**What you are asked to do:**
Reproduce the listing below word for word, with no pictures.

Information given: Begin

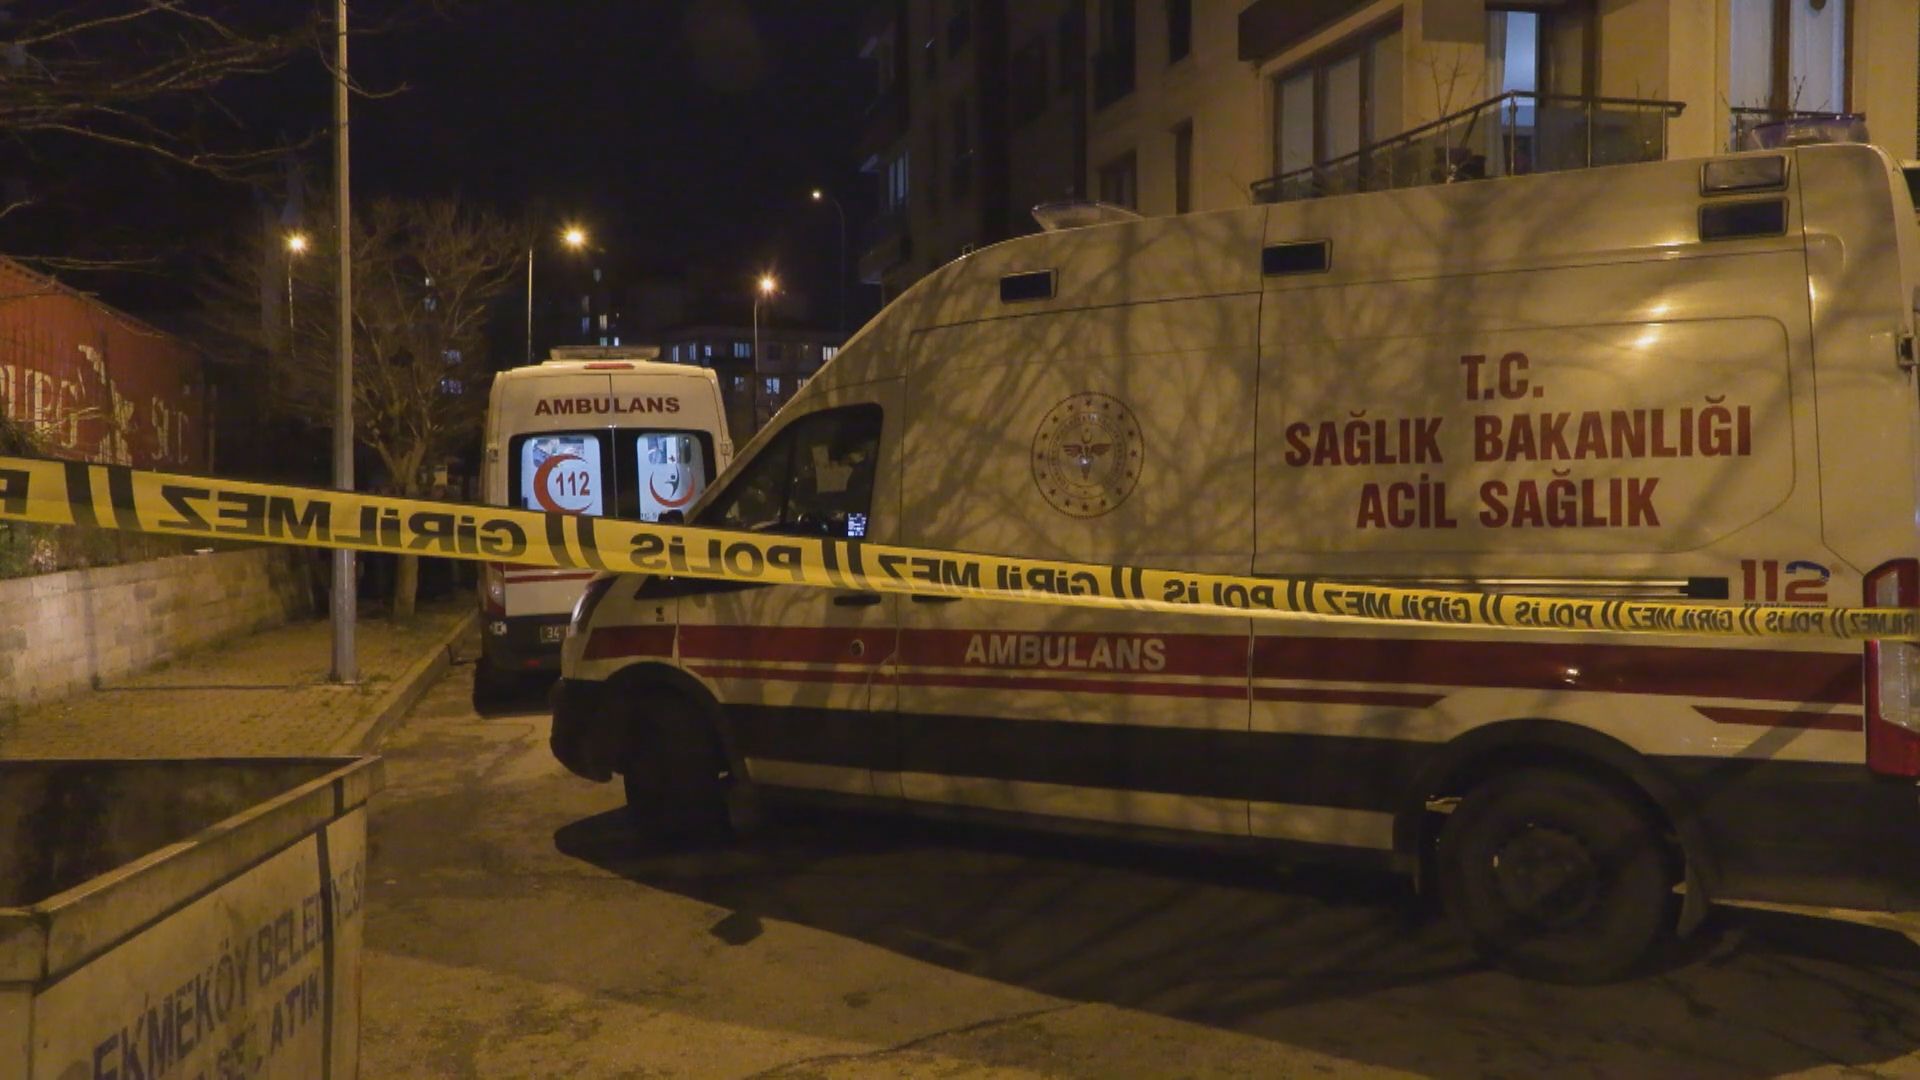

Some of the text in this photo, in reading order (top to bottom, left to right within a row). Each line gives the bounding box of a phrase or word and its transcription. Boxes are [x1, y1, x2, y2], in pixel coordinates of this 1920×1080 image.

[1460, 352, 1544, 401] T.C.
[534, 397, 680, 416] AMBULANS
[1284, 395, 1750, 467] SAĞLIK BAKANLIĞI
[555, 471, 591, 496] 112
[1356, 468, 1660, 529] ACİL SAĞLIK
[1741, 559, 1830, 602] 112
[964, 633, 1166, 672] AMBULANS

Information given: End

**Written answer:**
Some of the text in this photo, in reading order (top to bottom, left to right within a row). Each line gives the bounding box of a phrase or word and its transcription. Boxes are [x1, y1, x2, y2], in pixel coordinates of this 1920×1080 image.

[1460, 352, 1544, 401] T.C.
[534, 397, 680, 416] AMBULANS
[1284, 395, 1750, 467] SAĞLIK BAKANLIĞI
[555, 471, 591, 496] 112
[1356, 468, 1660, 529] ACİL SAĞLIK
[1741, 559, 1830, 602] 112
[964, 633, 1166, 672] AMBULANS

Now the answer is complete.